• Data excerpts
-----
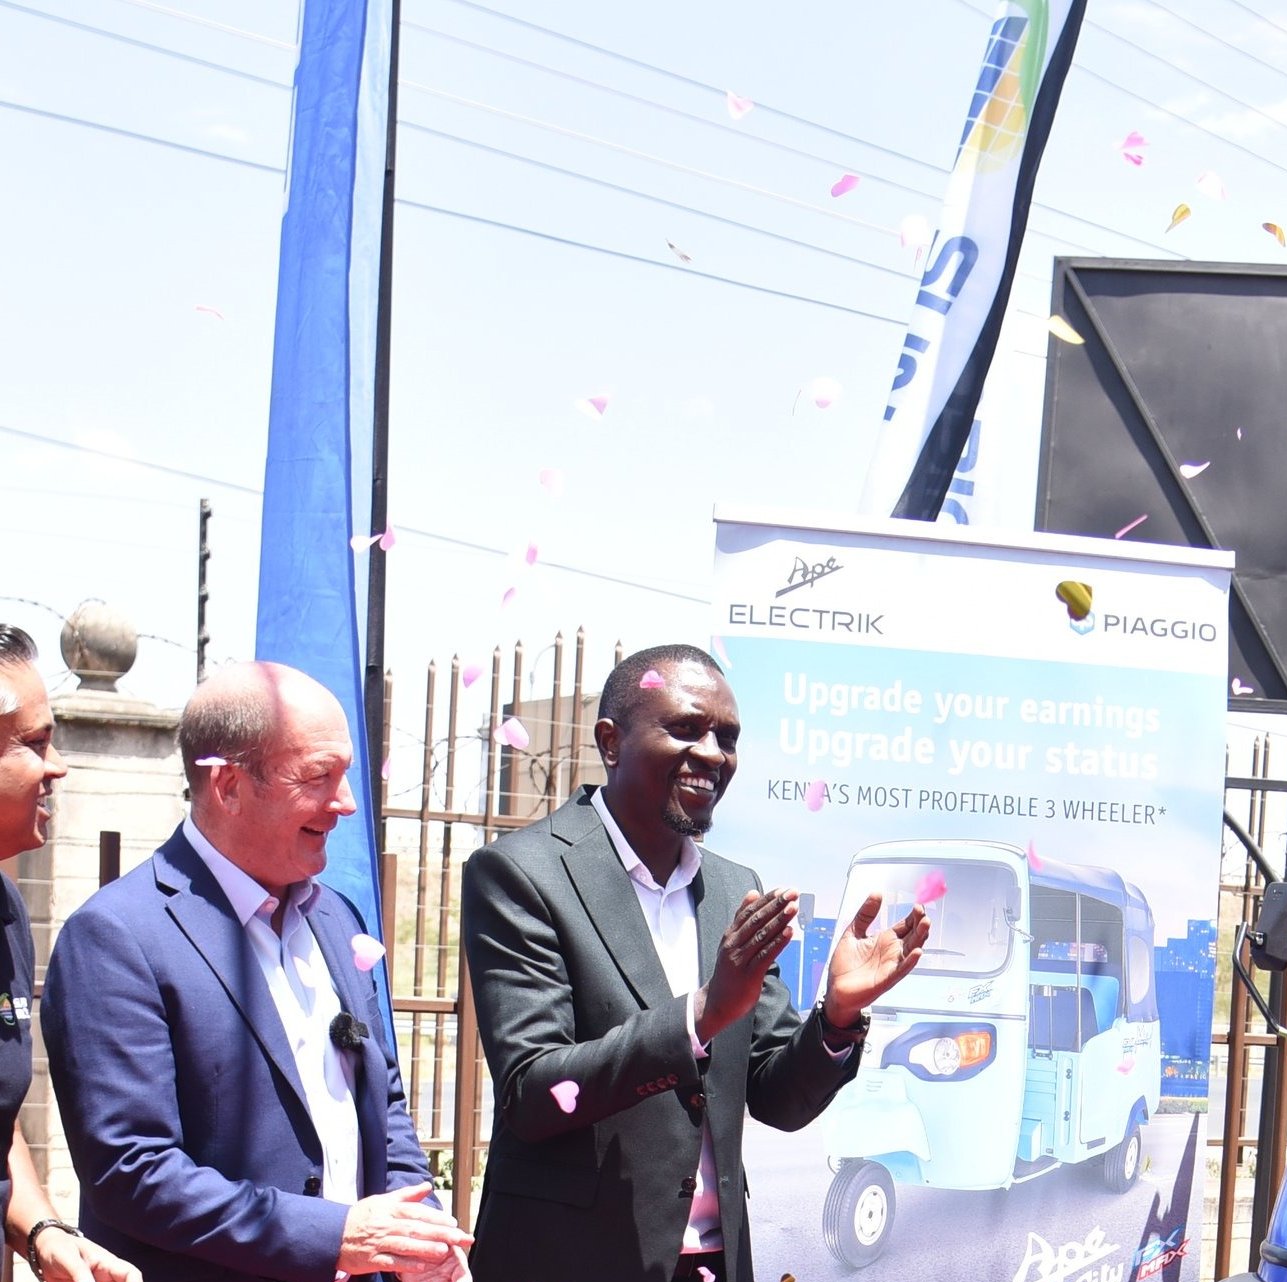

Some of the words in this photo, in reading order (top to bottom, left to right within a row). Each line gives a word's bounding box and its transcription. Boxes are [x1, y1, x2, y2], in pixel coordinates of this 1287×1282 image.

[728, 603, 885, 635] ELECTRIK
[1104, 613, 1217, 642] PIAGGIO
[784, 672, 923, 717] Upgrade
[934, 690, 1010, 725] your
[1020, 695, 1160, 739] earnings
[779, 718, 935, 768] Upgrade
[947, 738, 1032, 776] your
[1045, 746, 1160, 781] status
[767, 779, 850, 806] KENA'S
[857, 786, 913, 809] MOST
[918, 789, 1039, 818] PROFITABLE
[1045, 799, 1056, 819] 3
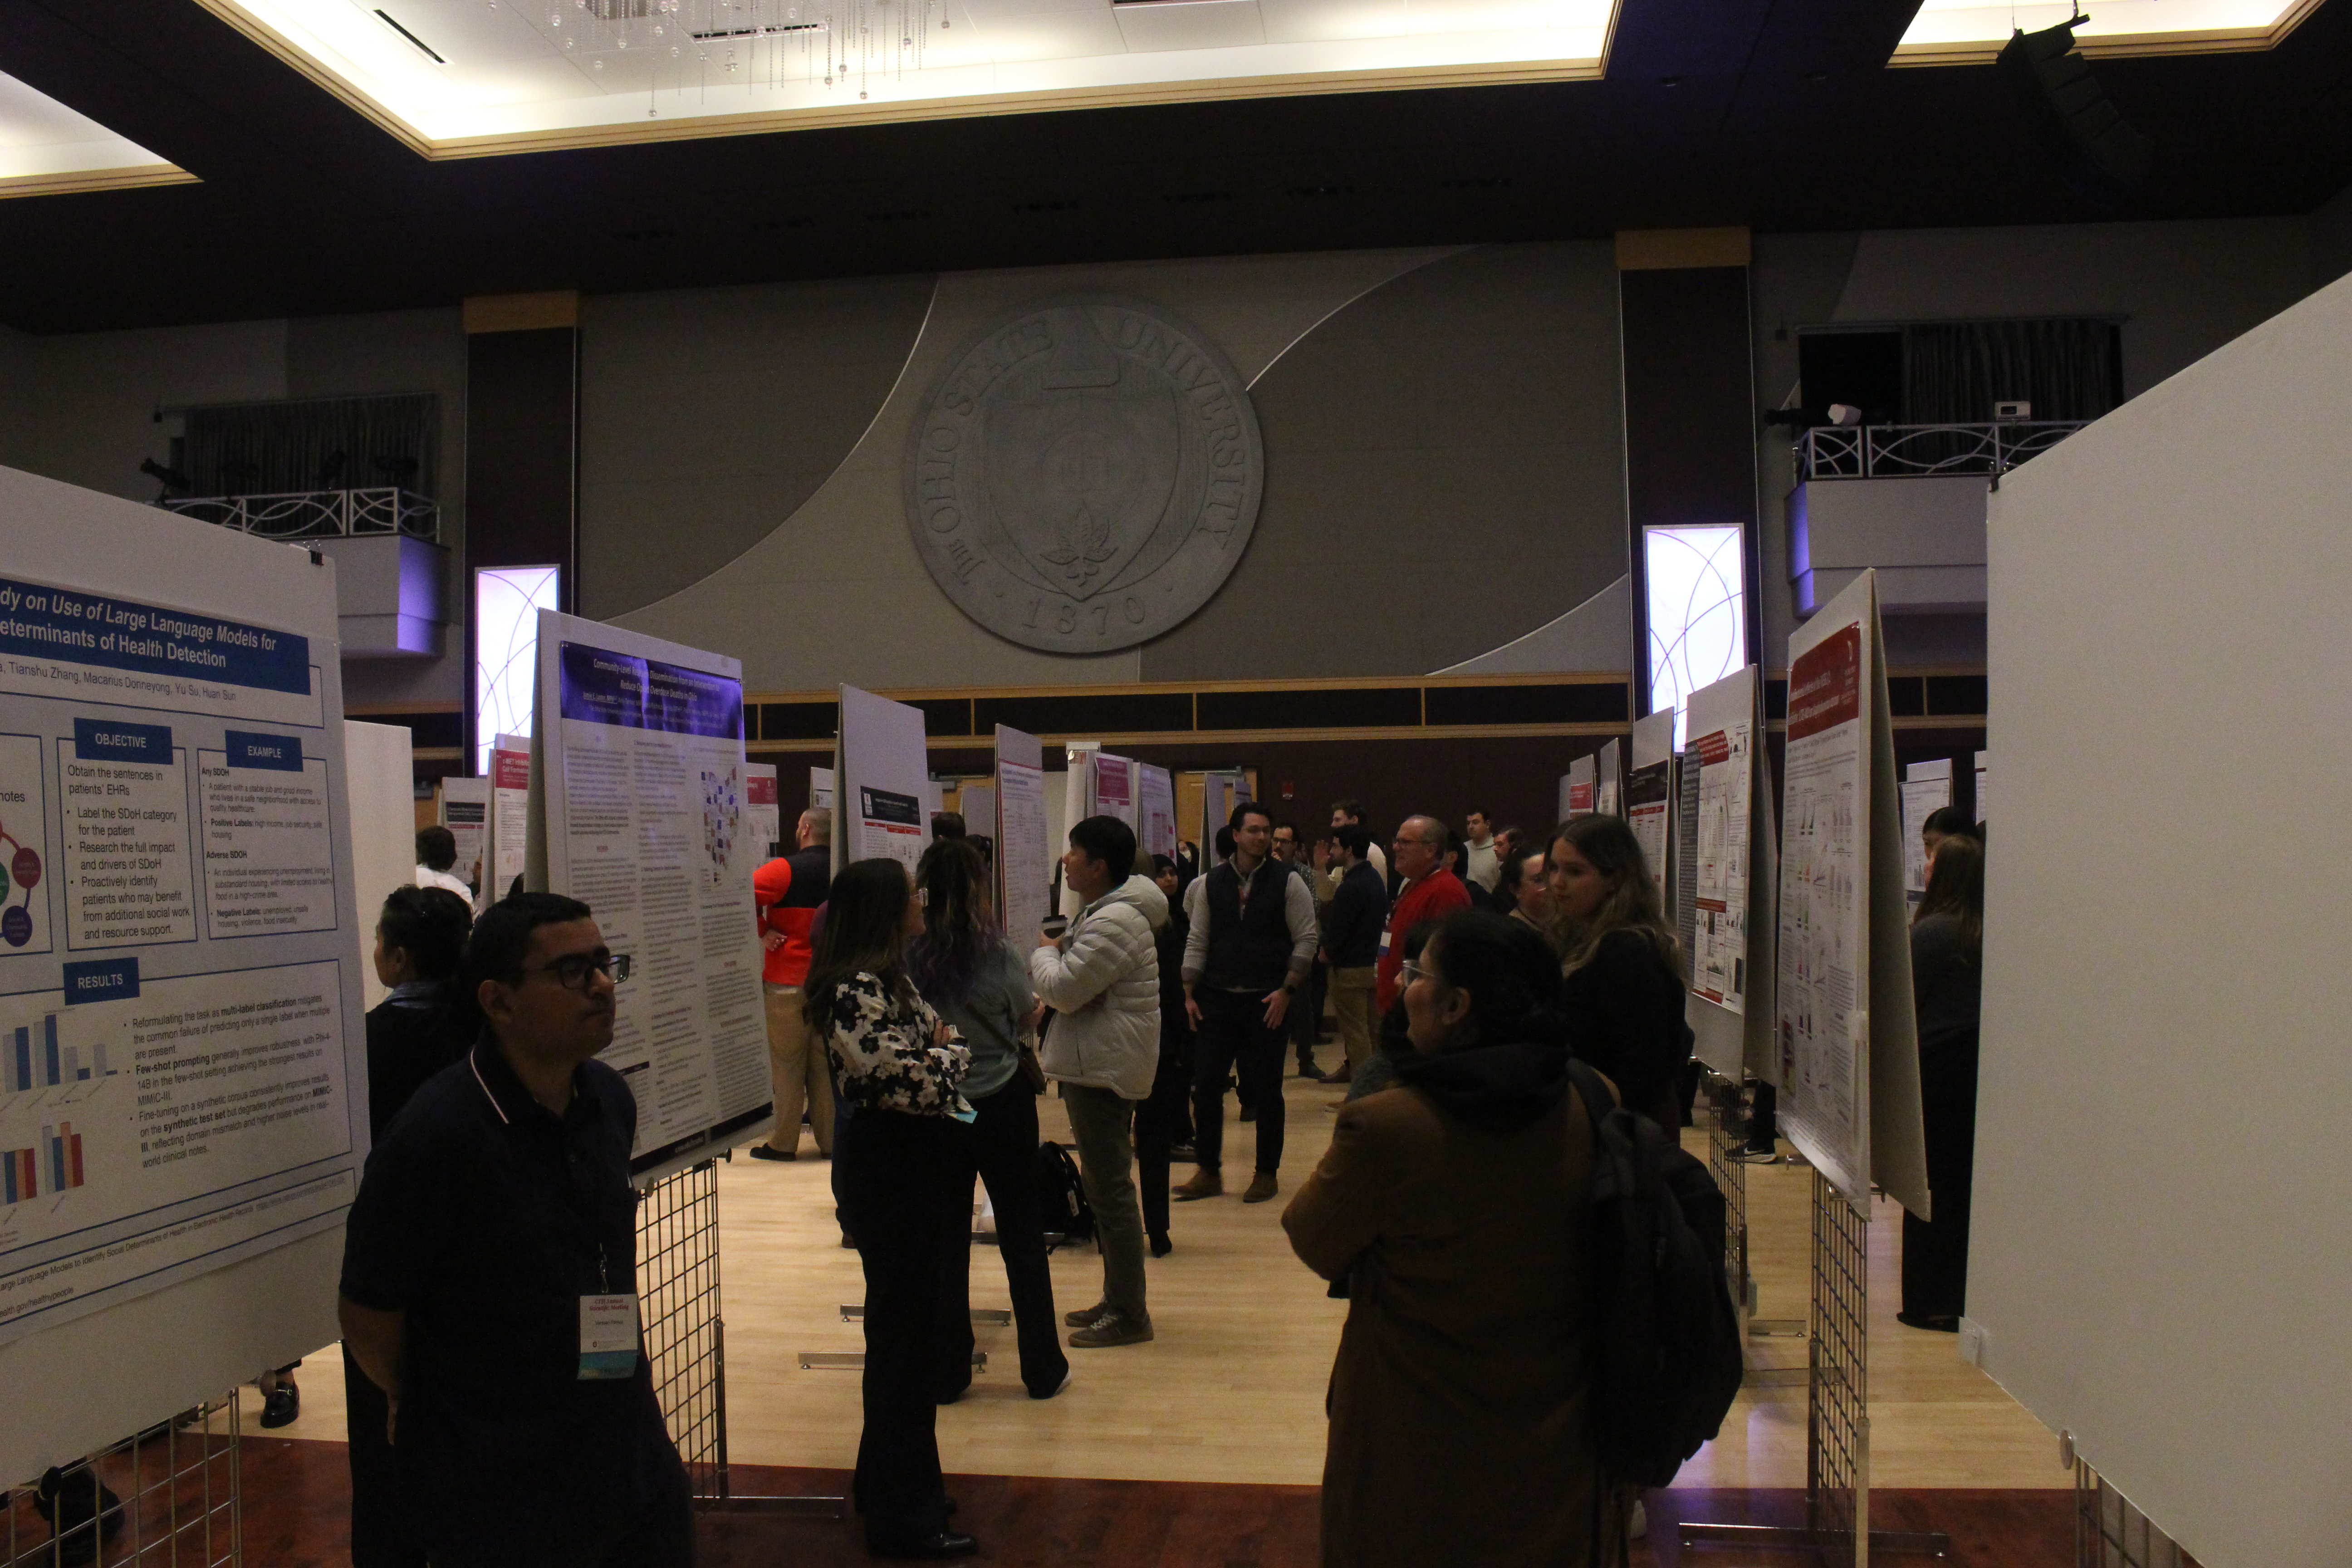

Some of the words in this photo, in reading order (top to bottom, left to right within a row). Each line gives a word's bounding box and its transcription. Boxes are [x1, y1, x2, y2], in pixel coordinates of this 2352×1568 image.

[923, 425, 961, 534] OHIO
[945, 316, 1054, 417] STATE
[1114, 317, 1247, 550] UNIVERSITY
[25, 594, 46, 611] on
[52, 594, 82, 617] Use
[87, 603, 103, 621] of
[106, 605, 147, 631] Large
[151, 612, 213, 642] Language
[216, 625, 258, 648] Models
[261, 634, 277, 651] for
[1022, 597, 1147, 636] 1870
[100, 633, 116, 650] of
[119, 635, 162, 658] Health
[167, 642, 226, 668] Detection
[594, 659, 631, 674] Community-Level
[650, 670, 678, 683] Dissemination
[9, 661, 48, 678] Tianshu
[51, 667, 81, 684] Zhang,
[84, 671, 123, 687] Macarius
[125, 677, 172, 696] Donneyong,
[175, 683, 186, 695] Yu
[188, 685, 201, 697] Su,
[203, 688, 220, 699] Huan
[222, 690, 236, 701] Sun
[621, 680, 637, 691] Reduce
[650, 685, 669, 696] Overdose
[95, 733, 147, 748] OBJECTIVE
[248, 745, 282, 758] EXAMPLE
[1074, 751, 1087, 764] EXI
[68, 764, 95, 777] Obtain
[98, 767, 111, 778] the
[113, 769, 153, 780] sentences
[156, 770, 163, 780] in
[202, 768, 211, 777] Any
[213, 768, 229, 776] SDOH
[107, 784, 130, 796] EHRs
[78, 807, 100, 818] Label
[102, 808, 115, 818] the
[118, 808, 141, 819] SDoH
[143, 810, 176, 823] category
[211, 818, 232, 826] Positive
[78, 824, 91, 835] for
[92, 825, 105, 836] the
[108, 826, 135, 838] patient
[80, 842, 118, 853] Research
[121, 842, 133, 853] the
[135, 841, 147, 852] full
[149, 842, 175, 855] impact
[206, 851, 228, 859] Adverse
[81, 859, 96, 870] and
[99, 859, 127, 870] drivers
[130, 859, 137, 869] of
[139, 859, 161, 869] SDoH
[82, 876, 127, 890] Proactively
[130, 875, 158, 888] identify
[83, 894, 116, 907] patients
[118, 893, 134, 903] who
[137, 893, 153, 904] may
[156, 891, 182, 902] benefit
[83, 911, 103, 922] from
[105, 909, 144, 921] additional
[147, 907, 170, 918] social
[172, 906, 190, 917] work
[217, 908, 241, 919] Negative
[84, 928, 99, 940] and
[102, 927, 138, 938] resource
[141, 925, 173, 938] support.
[78, 974, 123, 989] RESULTS
[132, 1014, 183, 1029] Reformulating
[184, 1010, 195, 1021] the
[197, 1009, 211, 1020] task
[221, 1003, 255, 1016] multi-label
[257, 998, 296, 1011] classification
[134, 1034, 145, 1044] the
[147, 1029, 178, 1042] common
[180, 1025, 200, 1037] failure
[202, 1024, 209, 1034] of
[210, 1020, 240, 1036] predicting
[241, 1019, 254, 1030] only
[261, 1014, 278, 1025] single
[279, 1011, 293, 1022] label
[294, 1009, 309, 1019] when
[135, 1051, 146, 1060] are
[148, 1045, 177, 1058] present.
[136, 1061, 171, 1075] Few-shot
[173, 1055, 210, 1070] prompting
[212, 1049, 239, 1064] generally
[241, 1044, 268, 1056] improves
[138, 1079, 151, 1090] 14B
[152, 1078, 159, 1087] in
[161, 1076, 172, 1087] the
[175, 1069, 203, 1083] few-shot
[205, 1065, 226, 1077] setting
[228, 1061, 257, 1073] achieving
[258, 1058, 267, 1067] the
[269, 1054, 295, 1065] strongest
[296, 1049, 314, 1060] results
[315, 1048, 323, 1056] on
[138, 1091, 172, 1106] MIMIC-III.
[139, 1106, 179, 1122] Fine-tuning
[181, 1104, 189, 1113] on
[197, 1094, 226, 1110] synthetic
[228, 1092, 248, 1102] corpus
[250, 1083, 284, 1098] consistently
[285, 1078, 310, 1089] improves
[311, 1073, 329, 1084] results
[140, 1128, 149, 1137] on
[151, 1125, 162, 1135] the
[164, 1117, 198, 1133] synthetic
[200, 1113, 213, 1123] test
[215, 1110, 226, 1120] set
[227, 1108, 237, 1117] but
[238, 1102, 267, 1115] degrades
[268, 1093, 303, 1110] performance
[152, 1135, 184, 1150] reflecting
[186, 1129, 211, 1142] domain
[212, 1121, 241, 1135] mismatch
[244, 1117, 255, 1128] and
[257, 1114, 275, 1126] higher
[276, 1111, 292, 1120] noise
[142, 1155, 161, 1168] world
[162, 1149, 187, 1163] clinical
[17, 1270, 49, 1285] Language
[50, 1263, 74, 1274] Models
[83, 1252, 105, 1264] Identify
[107, 1246, 125, 1257] Social
[126, 1234, 162, 1252] Determinants
[169, 1227, 187, 1237] Health
-----
• HOW TO COMPLETE THIS TASK
Please copy each line of the records above in which the word "Models" can be found.

• SOLUTION TO THIS TASK
[216, 625, 258, 648] Models
[50, 1263, 74, 1274] Models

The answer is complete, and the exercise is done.